#### PROBLEM TO SOLVE:
Every single entry that follows is to be retyped exactly.

· · · · ·

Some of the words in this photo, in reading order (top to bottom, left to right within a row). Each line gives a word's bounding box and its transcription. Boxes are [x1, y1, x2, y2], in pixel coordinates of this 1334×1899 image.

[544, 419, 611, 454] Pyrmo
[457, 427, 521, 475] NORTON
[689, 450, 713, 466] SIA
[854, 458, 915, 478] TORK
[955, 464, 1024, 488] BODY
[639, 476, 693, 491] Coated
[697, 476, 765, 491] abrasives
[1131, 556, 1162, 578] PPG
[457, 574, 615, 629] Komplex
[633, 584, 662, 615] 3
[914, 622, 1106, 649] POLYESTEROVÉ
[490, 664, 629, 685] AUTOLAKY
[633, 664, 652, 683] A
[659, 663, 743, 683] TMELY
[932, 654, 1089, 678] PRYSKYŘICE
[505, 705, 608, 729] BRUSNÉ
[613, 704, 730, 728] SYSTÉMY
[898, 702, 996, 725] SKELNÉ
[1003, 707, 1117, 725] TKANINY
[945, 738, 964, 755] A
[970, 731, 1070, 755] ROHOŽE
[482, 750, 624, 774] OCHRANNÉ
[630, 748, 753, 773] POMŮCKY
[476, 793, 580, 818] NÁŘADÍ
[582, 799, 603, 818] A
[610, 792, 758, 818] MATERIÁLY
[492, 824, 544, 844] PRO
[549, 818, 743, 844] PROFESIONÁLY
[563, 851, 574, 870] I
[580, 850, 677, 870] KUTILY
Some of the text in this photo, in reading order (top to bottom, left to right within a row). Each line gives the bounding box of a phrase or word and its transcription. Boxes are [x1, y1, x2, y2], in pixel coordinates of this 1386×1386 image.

· · · · ·

#### SOLUTION TO THIS PROBLEM:
Some of the words in this photo, in reading order (top to bottom, left to right within a row). Each line gives a word's bounding box and its transcription. Boxes are [x1, y1, x2, y2], in pixel coordinates of this 1334×1899 image.

[544, 419, 611, 454] Pyrmo
[457, 427, 521, 475] NORTON
[689, 450, 713, 466] SIA
[854, 458, 915, 478] TORK
[955, 464, 1024, 488] BODY
[639, 476, 693, 491] Coated
[697, 476, 765, 491] abrasives
[1131, 556, 1162, 578] PPG
[457, 574, 615, 629] Komplex
[633, 584, 662, 615] 3
[914, 622, 1106, 649] POLYESTEROVÉ
[490, 664, 629, 685] AUTOLAKY
[633, 664, 652, 683] A
[659, 663, 743, 683] TMELY
[932, 654, 1089, 678] PRYSKYŘICE
[505, 705, 608, 729] BRUSNÉ
[613, 704, 730, 728] SYSTÉMY
[898, 702, 996, 725] SKELNÉ
[1003, 707, 1117, 725] TKANINY
[945, 738, 964, 755] A
[970, 731, 1070, 755] ROHOŽE
[482, 750, 624, 774] OCHRANNÉ
[630, 748, 753, 773] POMŮCKY
[476, 793, 580, 818] NÁŘADÍ
[582, 799, 603, 818] A
[610, 792, 758, 818] MATERIÁLY
[492, 824, 544, 844] PRO
[549, 818, 743, 844] PROFESIONÁLY
[563, 851, 574, 870] I
[580, 850, 677, 870] KUTILY
Some of the text in this photo, in reading order (top to bottom, left to right within a row). Each line gives the bounding box of a phrase or word and its transcription. Boxes are [x1, y1, x2, y2], in pixel coordinates of this 1386×1386 image.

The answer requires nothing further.